Outside the United States, The Colbert Report has been shown in Canada on The Comedy Network, simultaneously with its original U.S. broadcast, since shortly after its debut. On September 22, 2014, due to The Comedy Network's acquisition of Canadian rights to Jimmy Kimmel Live!, the program began airing on M3 and did so for the remainder of the show's run.
It airs on The Comedy Channel in Australia, Comedy Central in New Zealand, and on Maxxx in the Philippines. As of 2012, The Colbert Report has also been broadcast in Africa on DSTV's version of Comedy Central. It aired on FX in the United Kingdom until they decided not to renew their contract in May 2009. In Portugal, it airs on Sic Radical.
Beginning June 3, 2008, The Colbert Report also aired on the ShowComedy channel of Showtime Arabia (Currently OSN First HD), a channel which broadcasts in the Middle East and North Africa. The show is transmitted on a one-day delay from original transmission in the US.

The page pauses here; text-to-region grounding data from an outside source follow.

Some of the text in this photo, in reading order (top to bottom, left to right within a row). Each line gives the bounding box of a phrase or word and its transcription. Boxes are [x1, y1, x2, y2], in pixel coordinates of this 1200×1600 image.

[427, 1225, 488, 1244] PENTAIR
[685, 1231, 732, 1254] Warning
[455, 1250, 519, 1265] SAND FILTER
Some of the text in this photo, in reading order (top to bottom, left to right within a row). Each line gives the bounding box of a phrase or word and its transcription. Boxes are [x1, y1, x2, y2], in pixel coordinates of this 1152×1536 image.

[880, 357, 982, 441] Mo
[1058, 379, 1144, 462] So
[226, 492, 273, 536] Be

The show was shown during prime time on Australia's free-to-air ABC2 in 2010, however the channel was outbid for rights for 2011. The show was available directly on the colbernation.com website for part of 2011, with Australian advertisements; however, Australian access is now blocked.
Several international markets also air The Colbert Report Global Edition, which shows highlights from the previous week's shows and includes a special introduction by Stephen Colbert at the start of the program. This means a new or newly repackaged episode can be screened every weekday.

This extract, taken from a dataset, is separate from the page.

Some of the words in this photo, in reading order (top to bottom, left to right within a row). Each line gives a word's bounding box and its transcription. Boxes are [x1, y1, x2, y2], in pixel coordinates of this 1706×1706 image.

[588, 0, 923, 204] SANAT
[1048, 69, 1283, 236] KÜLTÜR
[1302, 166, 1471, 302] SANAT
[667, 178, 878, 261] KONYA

In addition, most recent episodes (usually 3 weeks back) are available in full length on colbertnation.com. However, some international audiences are unable to view the videos or episodes.

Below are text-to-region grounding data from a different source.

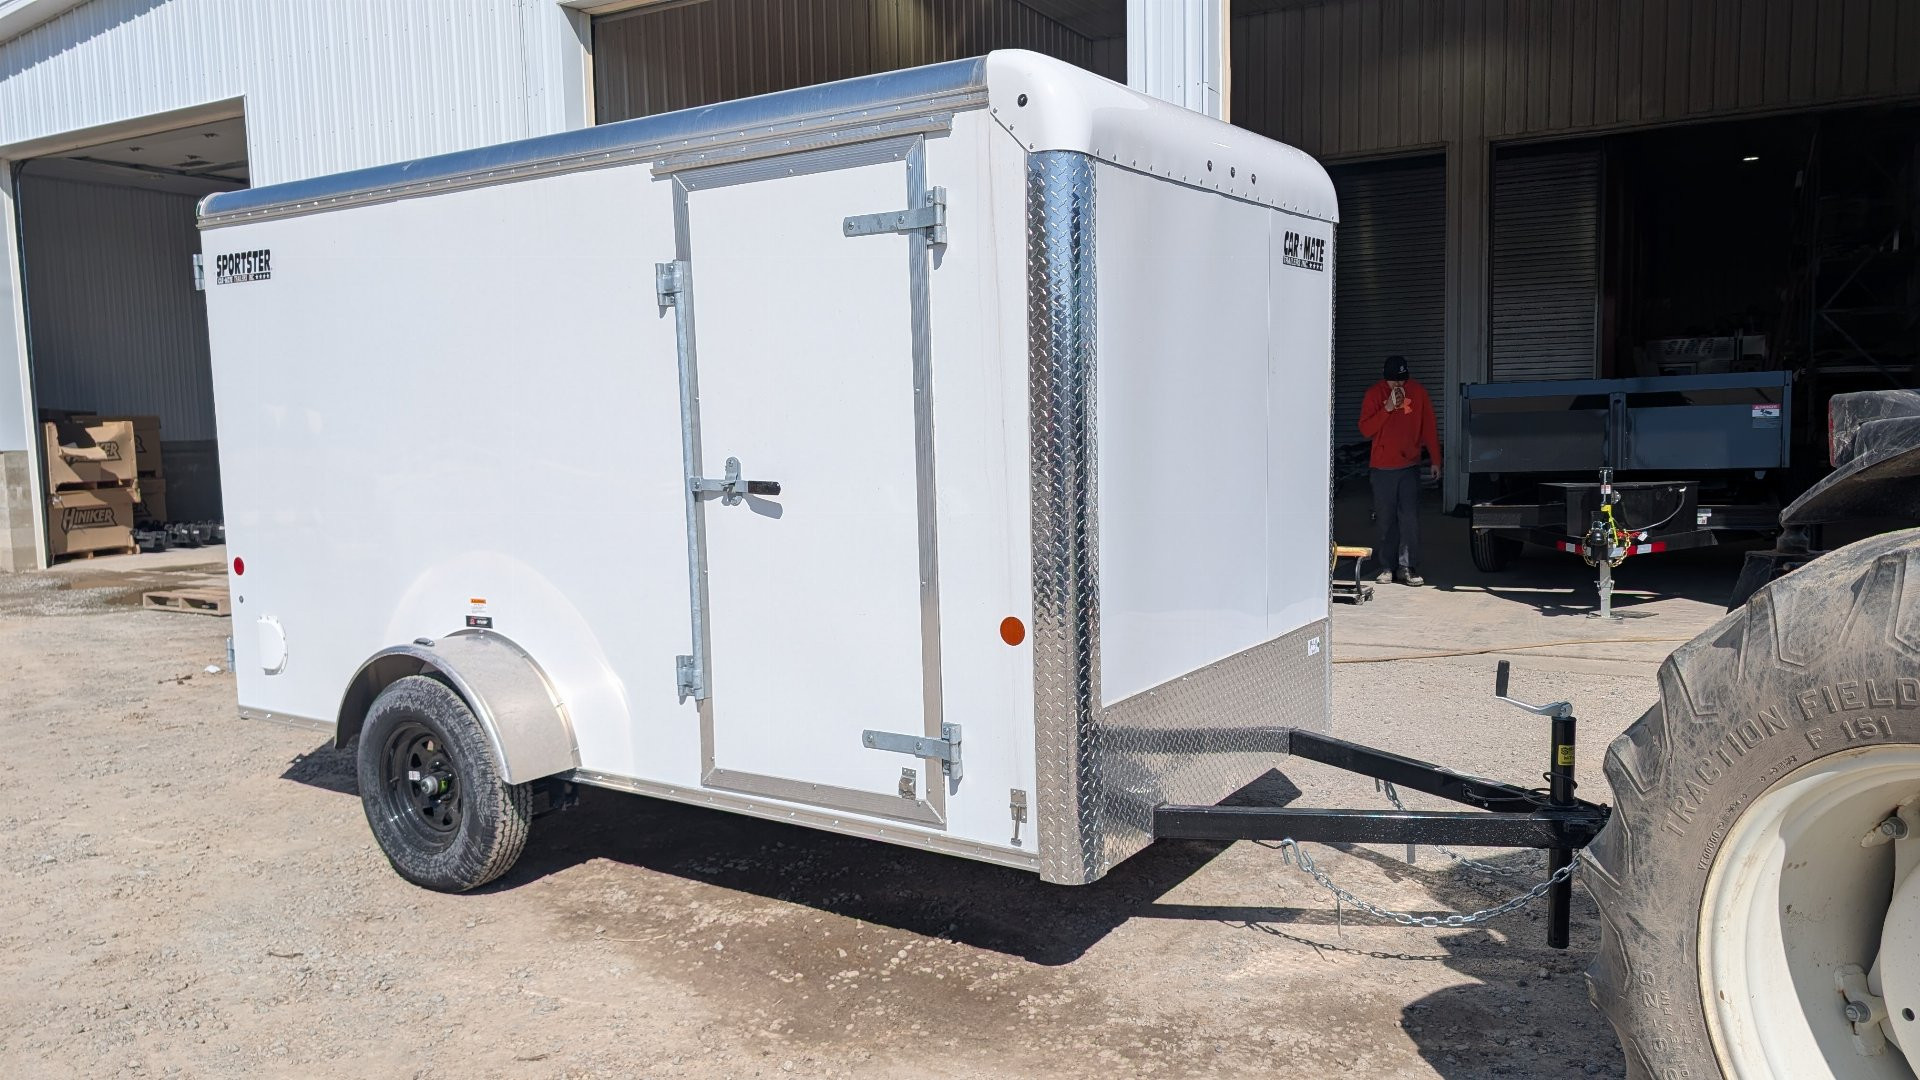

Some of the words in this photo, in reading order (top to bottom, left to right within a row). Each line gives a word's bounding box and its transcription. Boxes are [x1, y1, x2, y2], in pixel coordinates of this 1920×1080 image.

[216, 249, 271, 277] SPORTSTER
[1284, 231, 1300, 258] CAR
[1303, 236, 1325, 263] MATE
[62, 507, 115, 531] HINIKER
[1804, 727, 1823, 750] F
[1840, 715, 1893, 742] 151
[1661, 705, 1789, 838] TRACTION
[1797, 677, 1920, 721] FIELD

The show spawned various merchandise and multimedia related to the show. Three books were released to accompany the show's humor, the first being I Am America (And So Can You!), released both in print and as an audiobook in 2007. In 2012, two spinoff books of the show were released. America Again is a sequel to the show's first book, and addresses topics including Wall Street, campaign finance, energy policy, healthcare, eating on the campaign trail, and the United States Constitution. Another book, I Am a Pole (And So Can You!), was released the same year and purports to be a children's book telling the story of a fictional pole finding its purpose in life.
Segments from the show were also released on DVD during its run. The Best of The Colbert Report, released in 2007, contains several of the show's most memorable early moments. The show's Christmas special, A Colbert Christmas: The Greatest Gift of All!, was also released on DVD the following year. The soundtrack of that special also saw a digital release on the iTunes Store after its broadcast, and contains music from Feist, John Legend, Willie Nelson, Toby Keith, Jon Stewart, Elvis Costello, and Colbert himself. In 2011, Jack White's record label Third Man Records released a 7" vinyl single of Stephen Colbert and The Black Belles performing "Charlene II (I'm Over You)", which they also performed together on the show.